Peu importe ce que ça nous évoque, [ce concept] est vraiment cool, et c’est pour cela qu’il est aussi présent dans la fiction. Cependant, la fiction des livres, films et jeux vidéo est bien différente des JdR.

Affiche du film "l'effet papillon"

Un excellent exemple de jeu vidéo l’utilisant à bon escient est Until Dawn wiki (un survival horror en huis-clos avec des adolescents, sorti en 2015) où des décisions vraiment mineures pouvaient mener à des résultats vraiment importants (par exemple, ne pas tuer un écureuil avec un personnage tout au début de l’histoire peut permettre à un autre d’échapper au psychopathe… il faut y jouer pour voir comment ça rend en jeu).
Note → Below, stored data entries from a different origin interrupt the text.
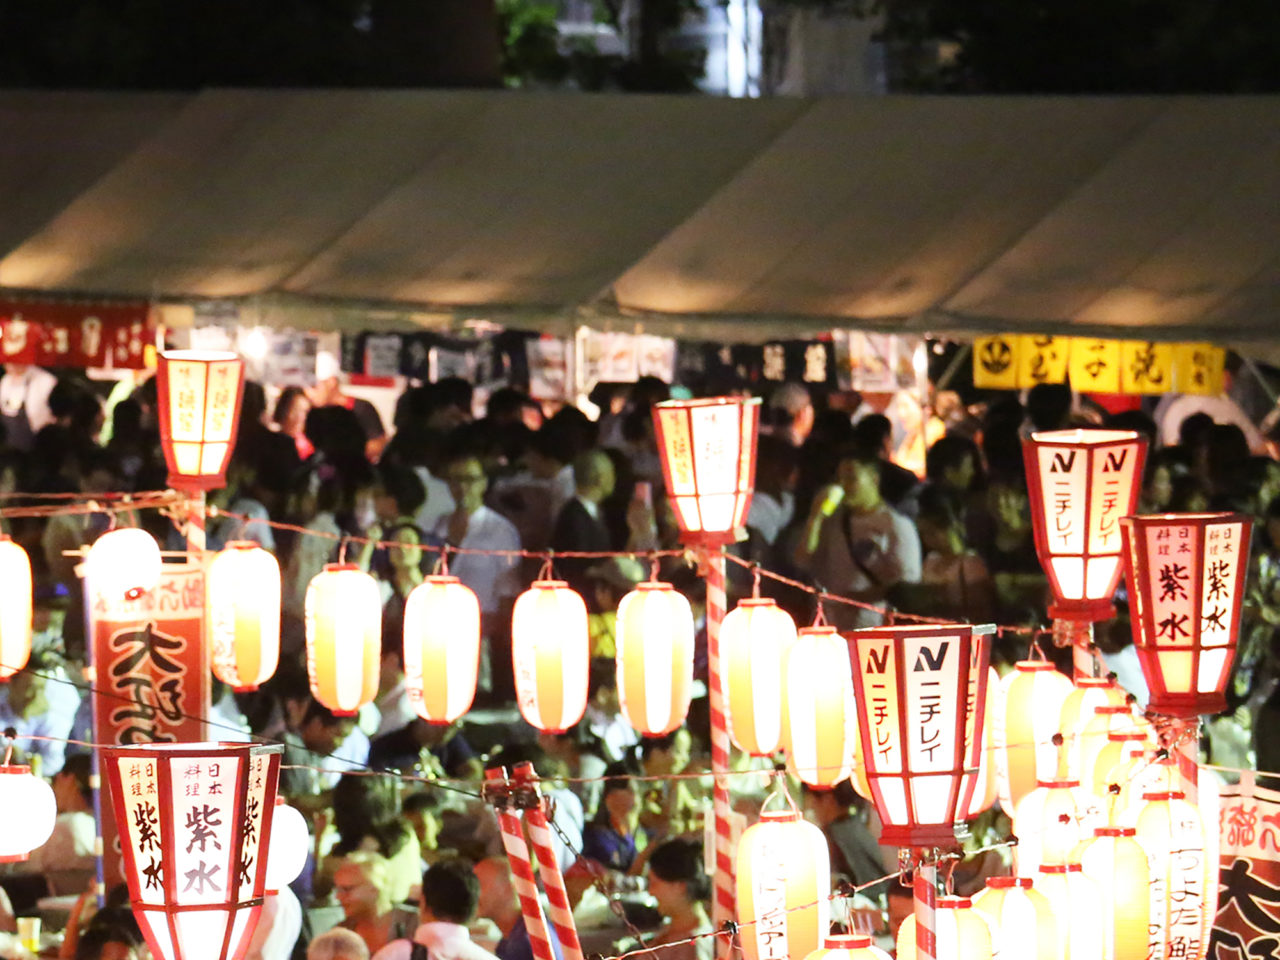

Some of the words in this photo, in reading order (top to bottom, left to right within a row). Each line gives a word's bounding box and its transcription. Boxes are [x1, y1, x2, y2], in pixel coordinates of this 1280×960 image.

[1054, 481, 1073, 546] ニチレイ
[1099, 480, 1119, 546] ニチレイ
[1155, 562, 1191, 641] 紫水
[1201, 559, 1229, 632] 紫水
[872, 684, 892, 764] ニチレイ
[920, 681, 941, 762] ニチレイ
[133, 800, 164, 891] 紫水
[184, 804, 222, 895] 紫水
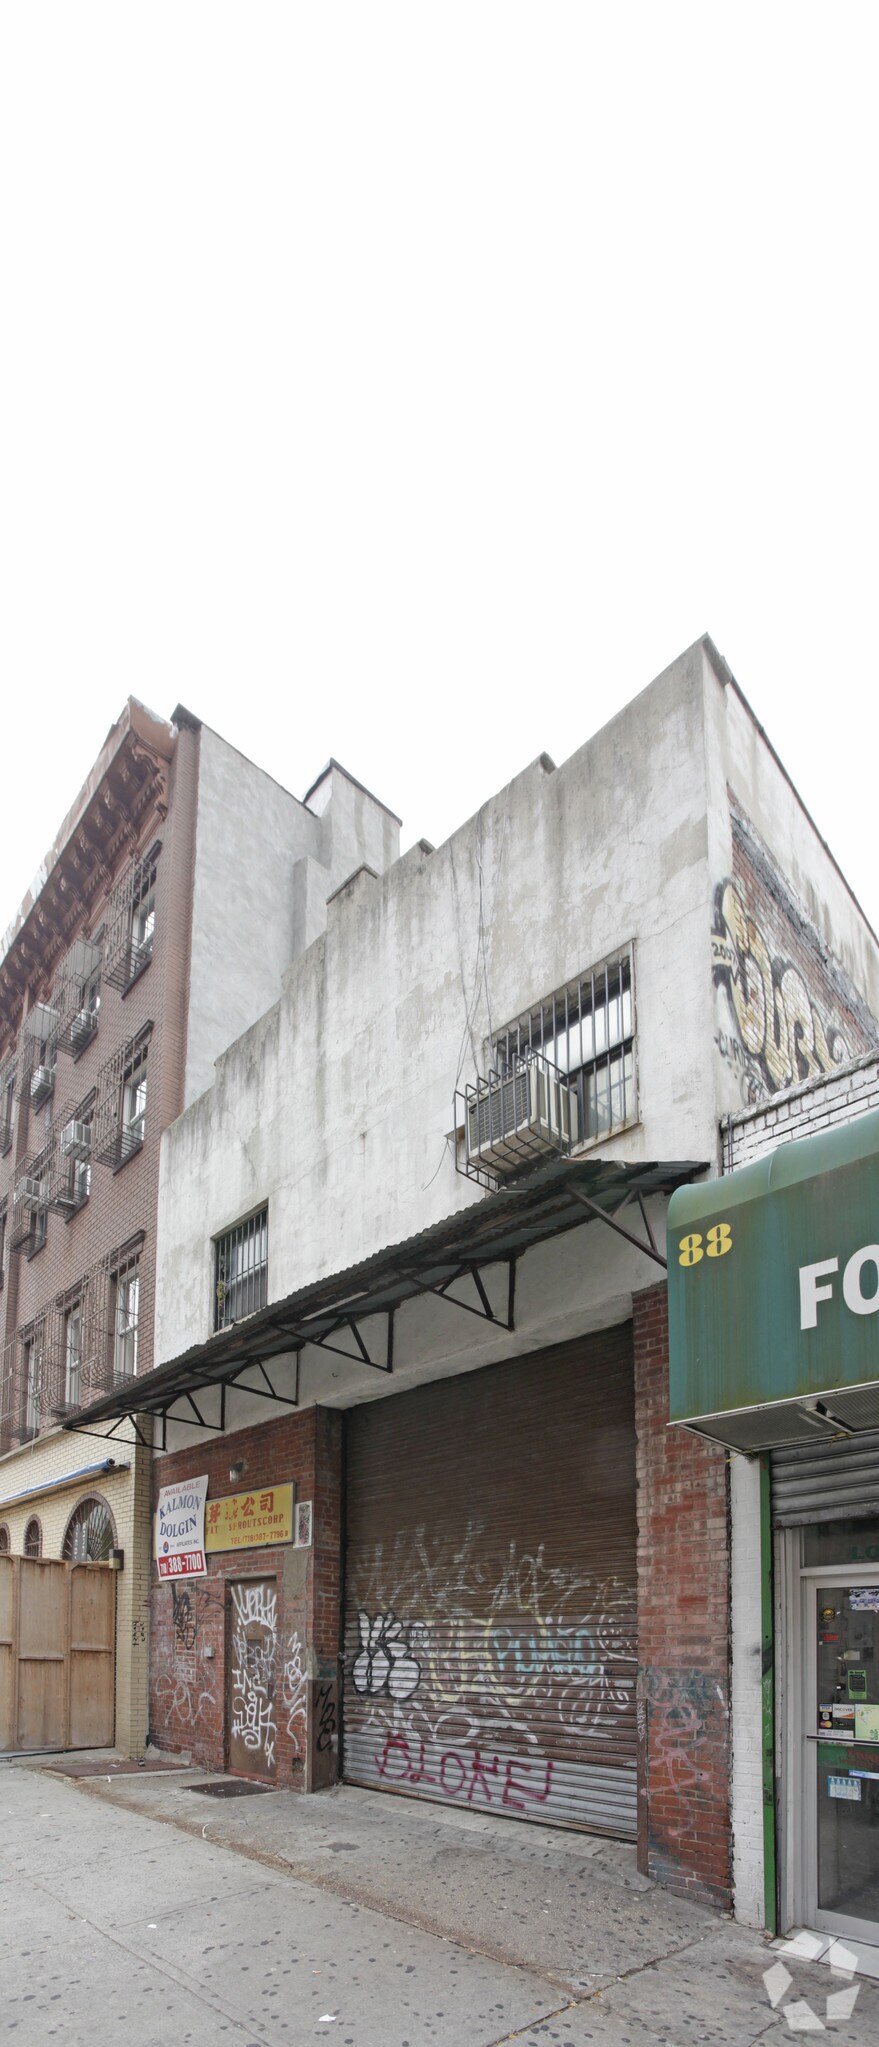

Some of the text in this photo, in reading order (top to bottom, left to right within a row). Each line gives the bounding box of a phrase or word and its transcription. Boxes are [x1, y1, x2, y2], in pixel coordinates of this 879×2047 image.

Un jeu vidéo utilisant l’effet papillon doit être soigneusement planifié. Un JdR nécessite aussi de planifier, mais pas forcément de la même manière.

Les papillons du passé

Il y a des années, j’étais dans une partie de JdR où notre groupe se précipitait à travers un étroit défilé de montagne, en direction de notre ville natale, avec quelques minutes d’avance sur une monstrueuse horde de zombies. Nous devions tirer les gardes de leurs lits et si possible mettre à l’abri quelques habitants avant que la ville ne soit envahie.
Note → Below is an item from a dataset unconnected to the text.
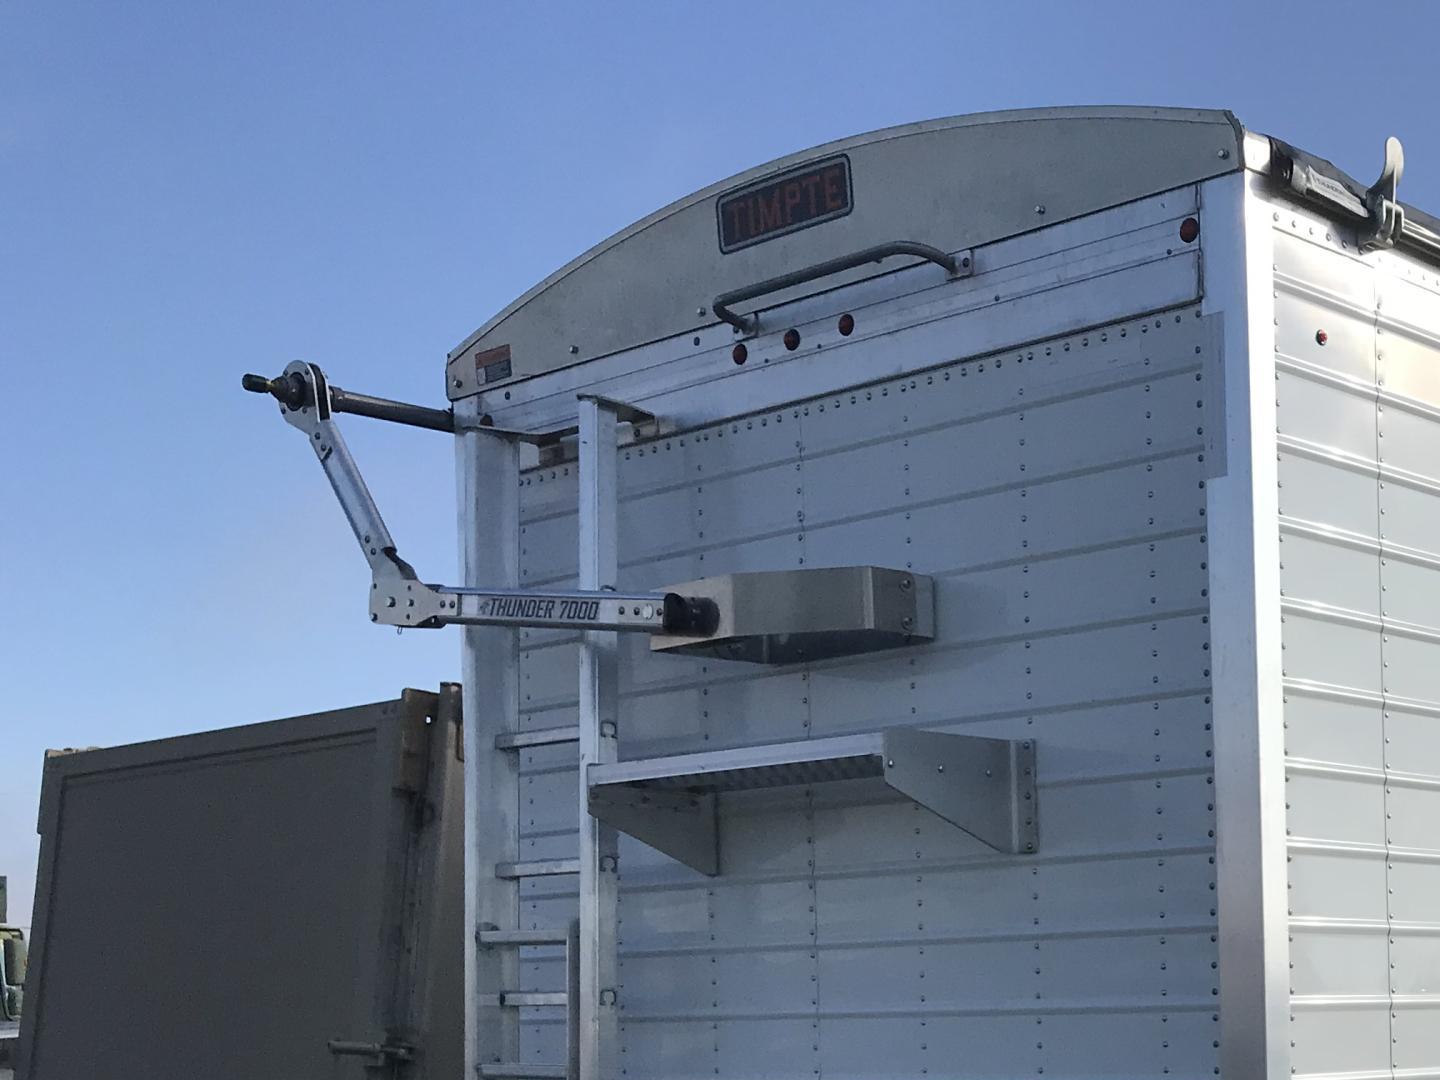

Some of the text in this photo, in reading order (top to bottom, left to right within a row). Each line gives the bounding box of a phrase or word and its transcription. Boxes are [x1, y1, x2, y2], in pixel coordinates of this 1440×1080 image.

[728, 168, 842, 239] TIMPTE
[490, 598, 600, 620] THUNDER 7000
Désespéré, notre magicien demanda s’il pouvait lancer une boule de feu pour provoquer un éboulement de rochers et ralentir un peu la horde. Pas de problème !
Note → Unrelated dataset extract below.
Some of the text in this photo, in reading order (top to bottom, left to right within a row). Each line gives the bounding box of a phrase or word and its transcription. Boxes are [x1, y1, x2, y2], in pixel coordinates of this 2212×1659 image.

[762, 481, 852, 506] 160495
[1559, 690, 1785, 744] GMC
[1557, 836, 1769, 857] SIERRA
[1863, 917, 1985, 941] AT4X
Après avoir lancé quelques dés – WOW – l’effet fut encore plus grand que ce que nous avions espéré. Les rochers avaient emporté une bonne partie de la horde et les avaient emprisonnés pour nous. C’était comme tirer sur des zombies coincés dans un tonneau ! Nous avions sauvé la ville et tous ses habitants !

Quelques sessions plus tard, nous devions absolument trouver Humli, le Capitaine de la garde. Il avait des informations cruciales pour nous ! Il apparut alors que l’avalanche avait complètement interrompu tout commerce, entrainant des émeutes en ville puisque les articles de première nécessité commençaient à manquer.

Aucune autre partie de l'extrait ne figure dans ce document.